The number of job openings and those who quit increased in the first three months of the year, pointing to a healthy demand for labor despite the subsequent disappointing employment report for April, according to government data released on Tuesday.
There were more than 8.1 million U.S. job openings in March, a 20% increase over the number of openings reported in November, according to the Job Openings and Labor Turnover Survey, or JOLTS, released by the Bureau of Labor Statistics.
Those increases were a decisive break above the 2018-20 downtrend in employment opportunities that came late in an economic cycle and afflicted the economy going into the pandemic.
JOLTS data lags other labor statistics by a month and Tuesday’s data did not take into account the slowdown in job creation in April as indicated by the recent nonfarm payrolls data, which showed that far fewer jobs were created in April than forecast.
Even so, JOLTS data indicates that employers are looking for workers even as supply remains an issue.

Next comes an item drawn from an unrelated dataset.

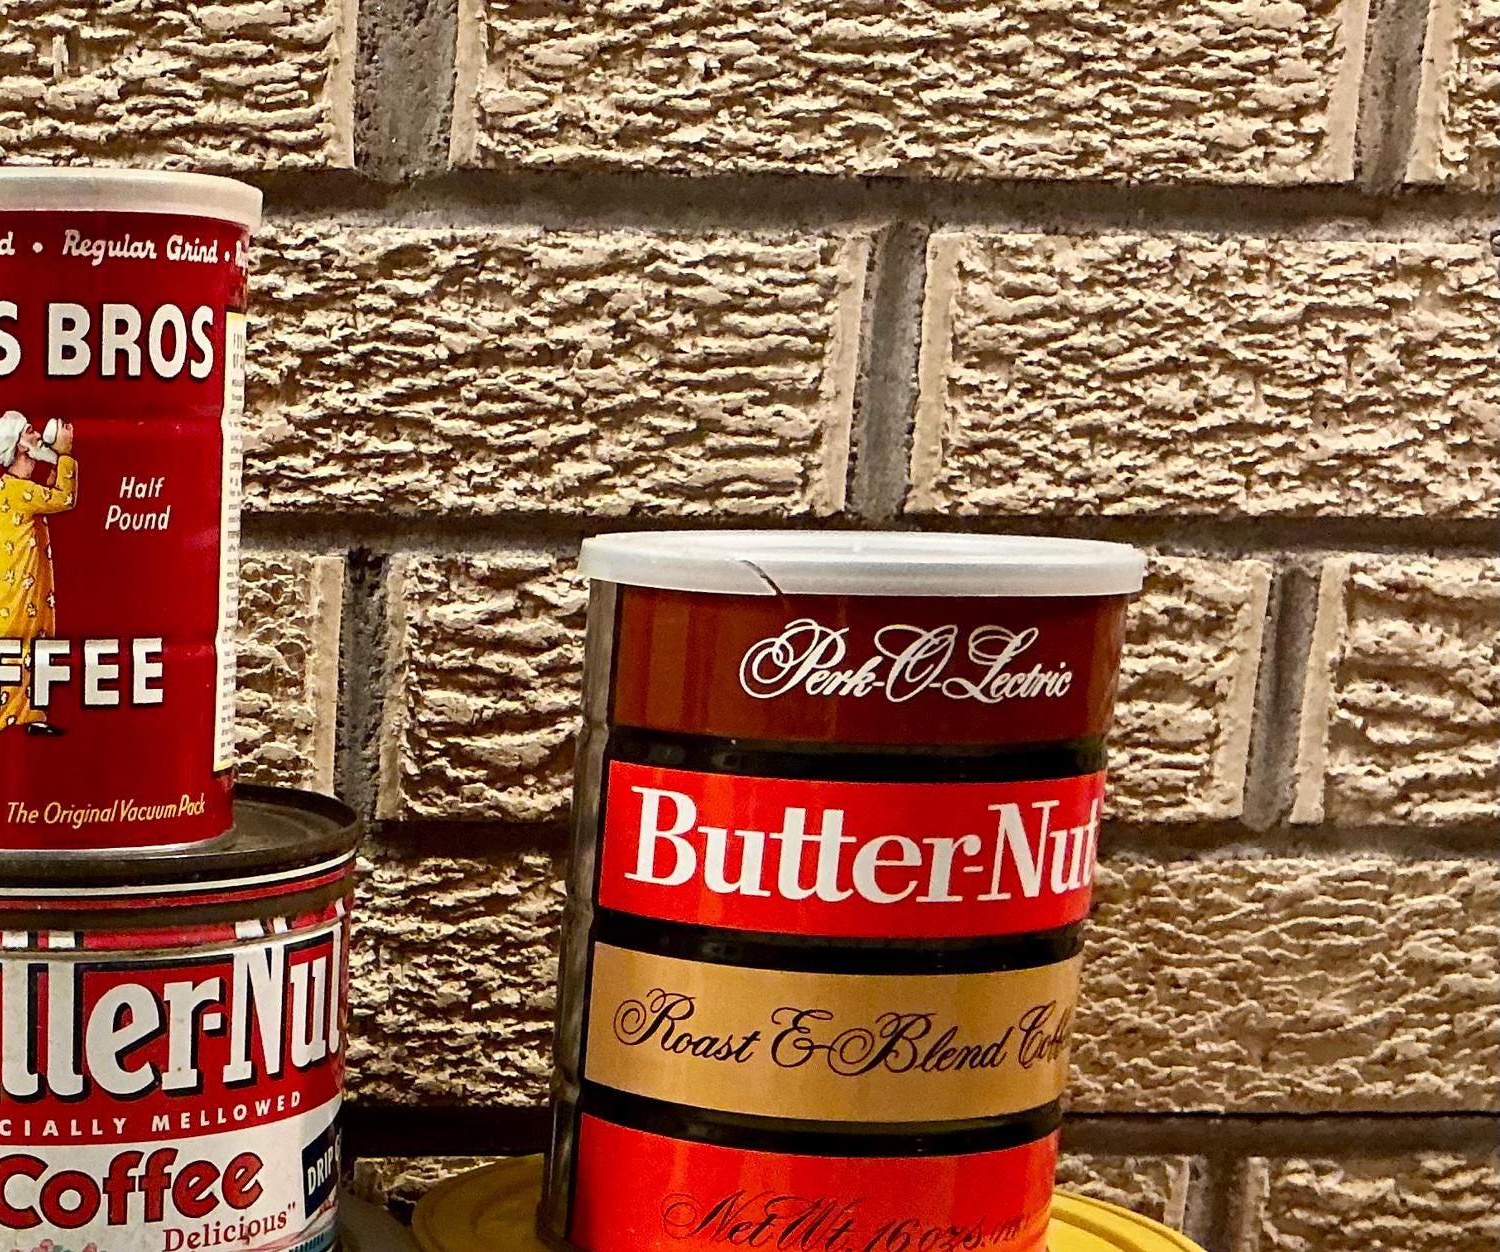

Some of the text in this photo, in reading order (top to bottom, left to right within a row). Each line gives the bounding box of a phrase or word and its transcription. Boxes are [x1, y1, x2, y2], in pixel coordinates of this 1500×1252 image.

The presence of increased employment opportunities coincides with the reduction of involuntary job losses and created the environment for employees to look for other work during the first quarter.
Layoffs in March were 1.5 million, which is 30% lower than last November, while 3.5 million employees were confident enough to quit their jobs, a 6% increase.
We expect those trends to continue as vaccine coverage is extended to younger people both in the United States and among trading partners in the developed economies.